History of ESG funds

There are different interpretations of the origin of ethical investments, now popularly called Environmental, Social and Governance (ESG) funds. One interpretation puts the origins of ethical investment back to the 19th century when the Quakers in Britain and Ireland refused to invest in arms.

Then there’s the well-documented Pax Fund launched in 1971 by the Methodists, who took a strong stance against the America-Vietnam War. Named after Pax, the Roman Goddess of peace, the funds were aimed at building assets for the church to aid social causes.

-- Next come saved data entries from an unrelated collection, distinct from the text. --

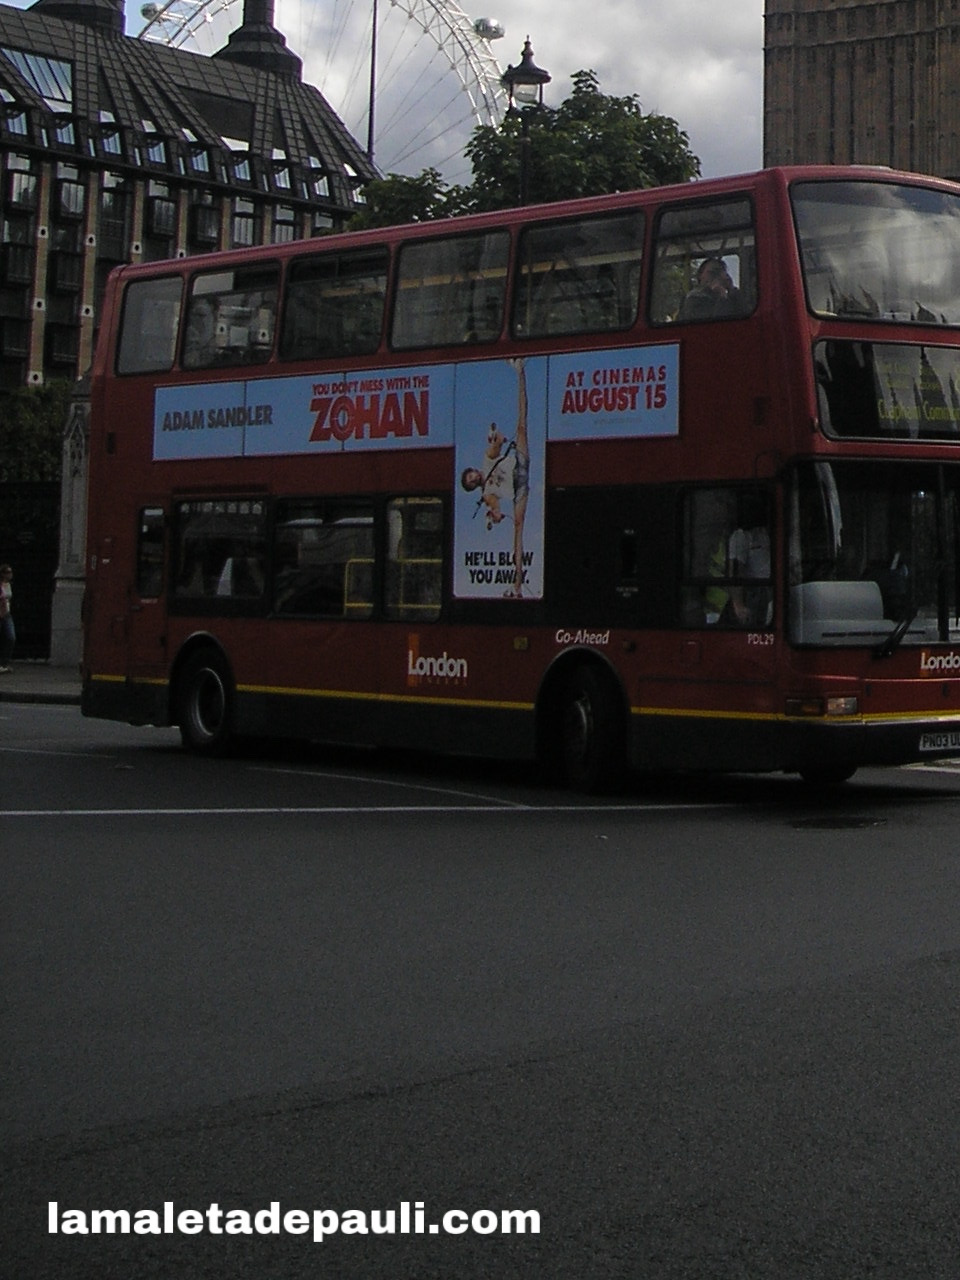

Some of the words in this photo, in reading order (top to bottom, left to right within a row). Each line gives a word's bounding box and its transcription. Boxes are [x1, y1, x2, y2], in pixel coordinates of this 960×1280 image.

[312, 383, 330, 395] YOU
[331, 381, 358, 394] DON'T
[360, 379, 384, 392] MESS
[386, 377, 411, 390] WITH
[413, 375, 430, 388] THE
[566, 371, 585, 387] AT
[593, 365, 666, 385] CINEMAS
[562, 386, 639, 414] AUGUST
[645, 384, 667, 409] 15
[162, 412, 204, 431] ADAM
[207, 405, 273, 430] SANDLER
[309, 391, 429, 442] ZOHAN
[465, 552, 496, 566] HE'LL
[470, 569, 493, 584] YOU
[555, 629, 611, 645] Go-Ahead
[747, 633, 775, 646] PDL29
[408, 649, 468, 678] London

Gradually, these kinds of responsible investing initiatives gained momentum in the 80s during the apartheid in South Africa.

But it’s been quite a journey for investors to have unalloyed faith in this product. Do you know the initial response to UK’s first ethical investment fund launched in 1984? The product was humorously called Brazil Funds. People joked you had to be ‘nuts’ to invest in it, an allusion to the tall Brazil nut trees.

Fast-forward to the 2000s when an ethical investment has become mainstream, going to the extent of challenging conventional stocks. Now it has acquired a consolidated definition of its own in the form of Environmental, Social and Governance-themed investments or ESG funds. The ESG boom could be gauged in the way the Joe Biden administration is determined to make climate change one of the themes of his presidency.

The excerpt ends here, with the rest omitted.